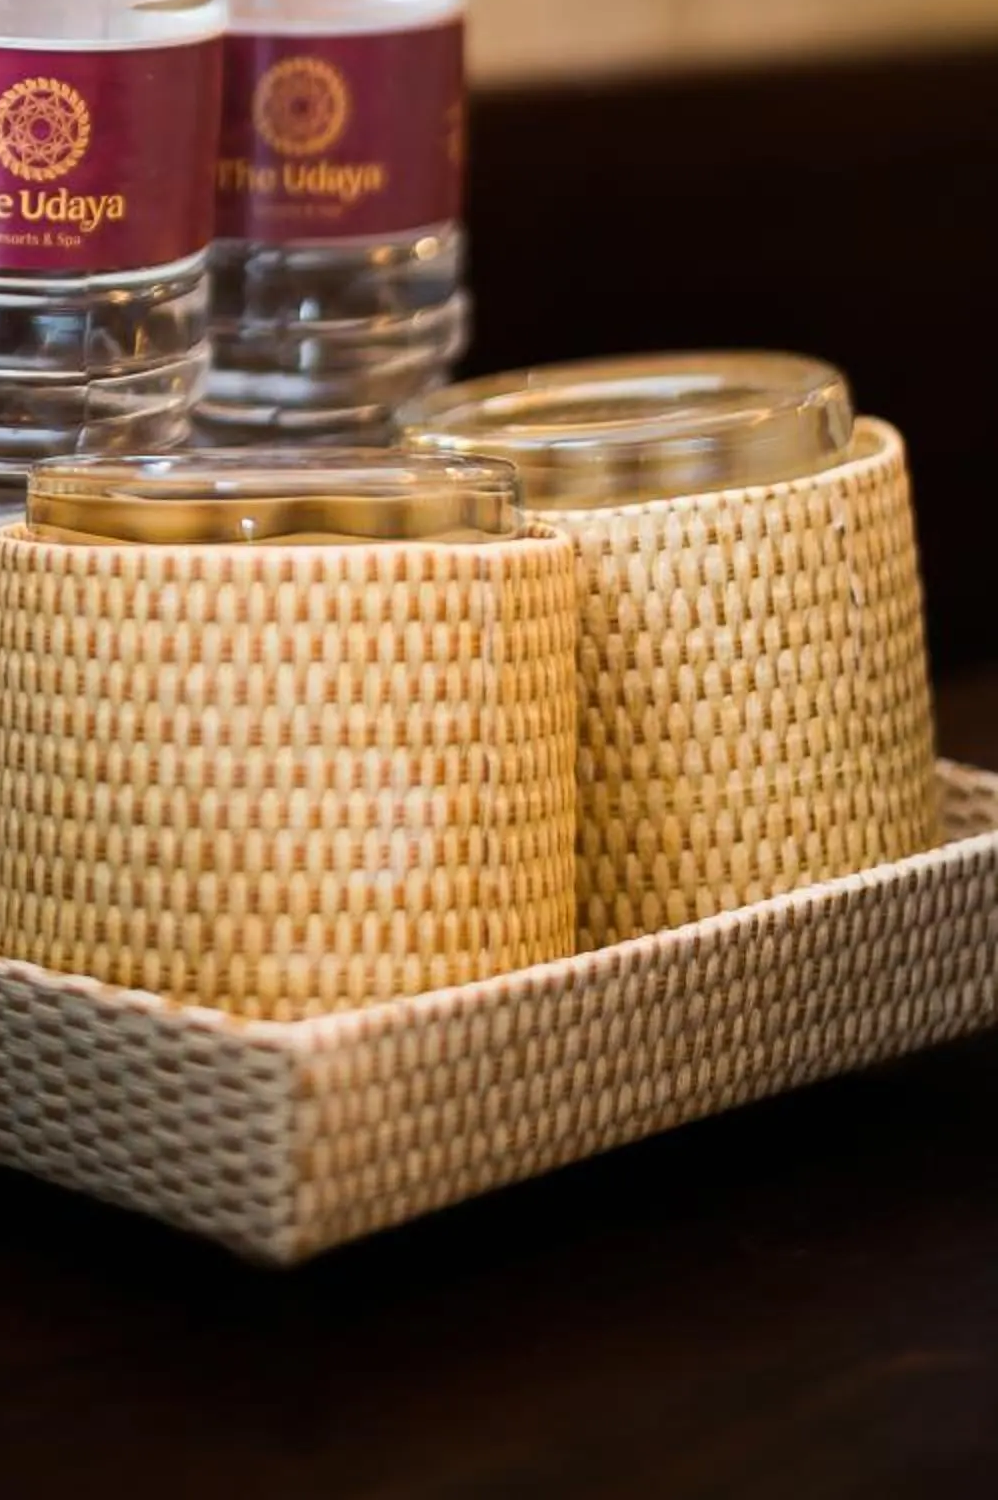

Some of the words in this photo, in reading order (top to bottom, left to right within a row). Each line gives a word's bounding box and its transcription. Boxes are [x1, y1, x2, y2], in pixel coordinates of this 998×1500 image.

[283, 163, 384, 204] Udaya
[18, 187, 126, 233] Udaya
[42, 231, 53, 246] &
[57, 232, 81, 249] Spa
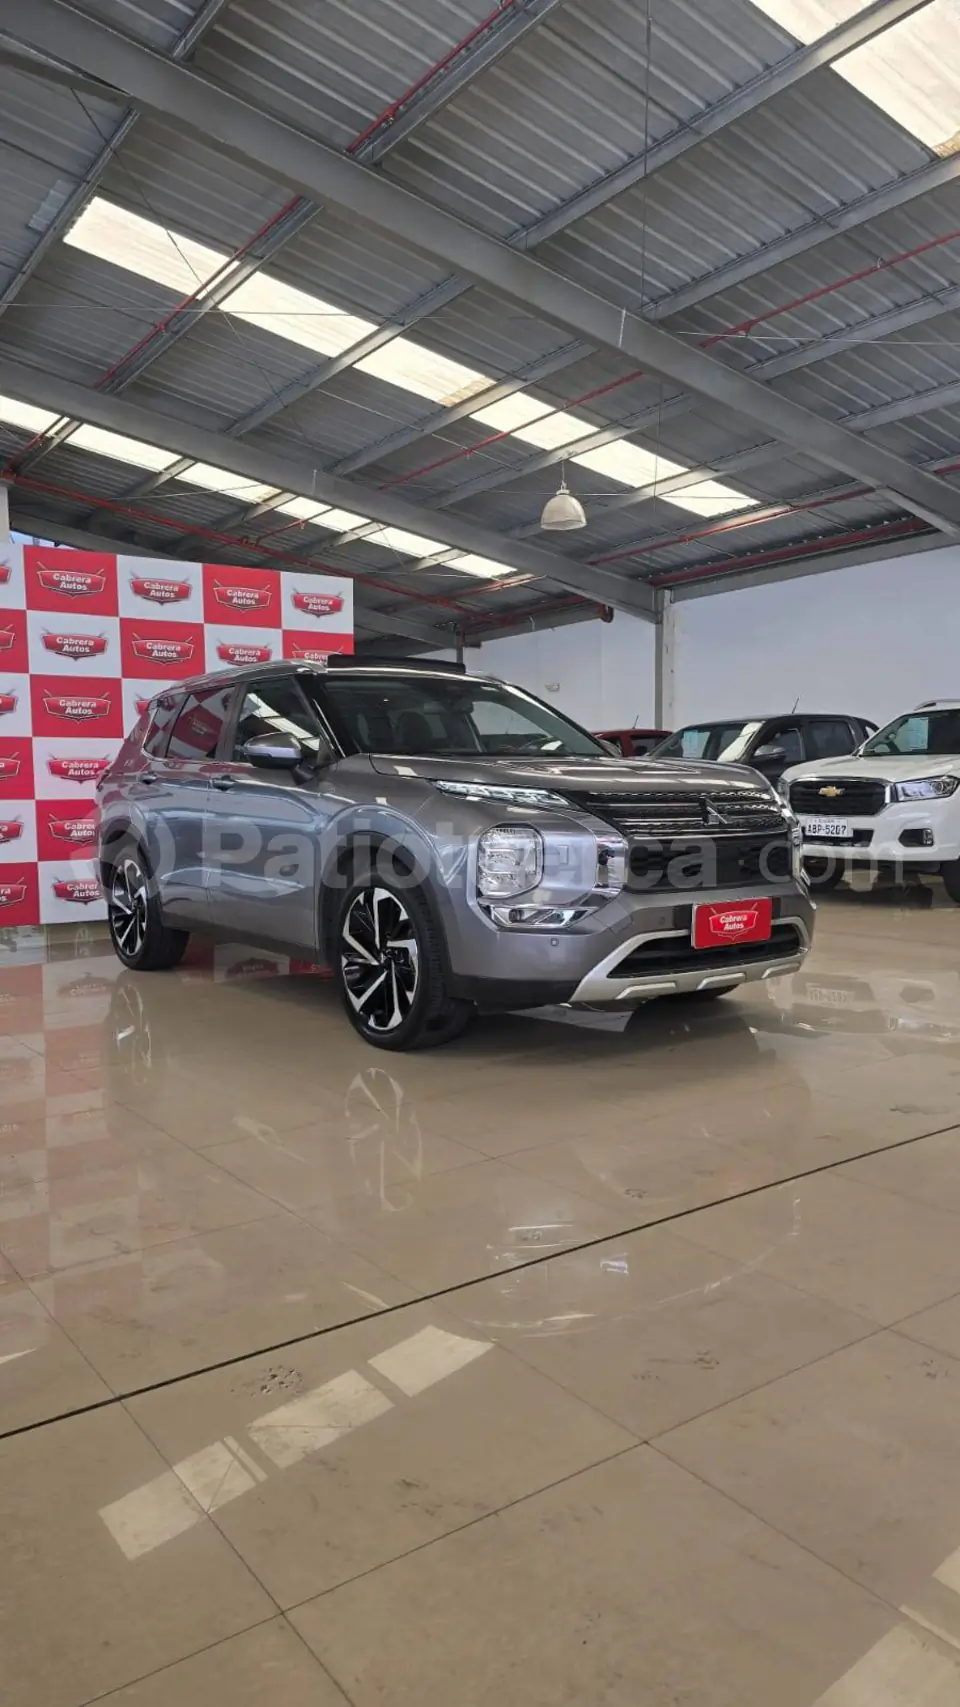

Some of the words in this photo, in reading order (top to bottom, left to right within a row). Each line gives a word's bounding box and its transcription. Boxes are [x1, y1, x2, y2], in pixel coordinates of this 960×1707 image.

[52, 572, 92, 584] Cabrera
[59, 582, 88, 590] Autos
[143, 581, 179, 592] Cabrera
[149, 589, 175, 598] Autos
[226, 589, 259, 599] Cabrera
[232, 596, 256, 605] Autos
[303, 596, 333, 605] Cabrera
[307, 603, 329, 611] Autos
[56, 636, 94, 646] Cabrera
[62, 644, 90, 653] Autos
[146, 642, 181, 652] Cabrera
[228, 647, 261, 656] Cabrera
[151, 649, 177, 658] Autos
[233, 654, 257, 662] Autos
[59, 699, 97, 708] Cabrera
[65, 706, 93, 715] Autos
[61, 760, 99, 769] Cabrera
[67, 768, 95, 776] Autos
[66, 882, 98, 891] Cabrer
[719, 914, 748, 923] Cabrera
[723, 922, 745, 931] Autos

++++++++

§ **Goal of the exercise**: Repeat each record as given. No picture belongs in the copy.

§ **Your solution**:
Some of the words in this photo, in reading order (top to bottom, left to right within a row). Each line gives a word's bounding box and its transcription. Boxes are [x1, y1, x2, y2], in pixel coordinates of this 998×1500 image.

[283, 163, 384, 204] Udaya
[18, 187, 126, 233] Udaya
[42, 231, 53, 246] &
[57, 232, 81, 249] Spa

Some of the words in this photo, in reading order (top to bottom, left to right within a row). Each line gives a word's bounding box and its transcription. Boxes are [x1, y1, x2, y2], in pixel coordinates of this 960×1707 image.

[52, 572, 92, 584] Cabrera
[59, 582, 88, 590] Autos
[143, 581, 179, 592] Cabrera
[149, 589, 175, 598] Autos
[226, 589, 259, 599] Cabrera
[232, 596, 256, 605] Autos
[303, 596, 333, 605] Cabrera
[307, 603, 329, 611] Autos
[56, 636, 94, 646] Cabrera
[62, 644, 90, 653] Autos
[146, 642, 181, 652] Cabrera
[228, 647, 261, 656] Cabrera
[151, 649, 177, 658] Autos
[233, 654, 257, 662] Autos
[59, 699, 97, 708] Cabrera
[65, 706, 93, 715] Autos
[61, 760, 99, 769] Cabrera
[67, 768, 95, 776] Autos
[66, 882, 98, 891] Cabrer
[719, 914, 748, 923] Cabrera
[723, 922, 745, 931] Autos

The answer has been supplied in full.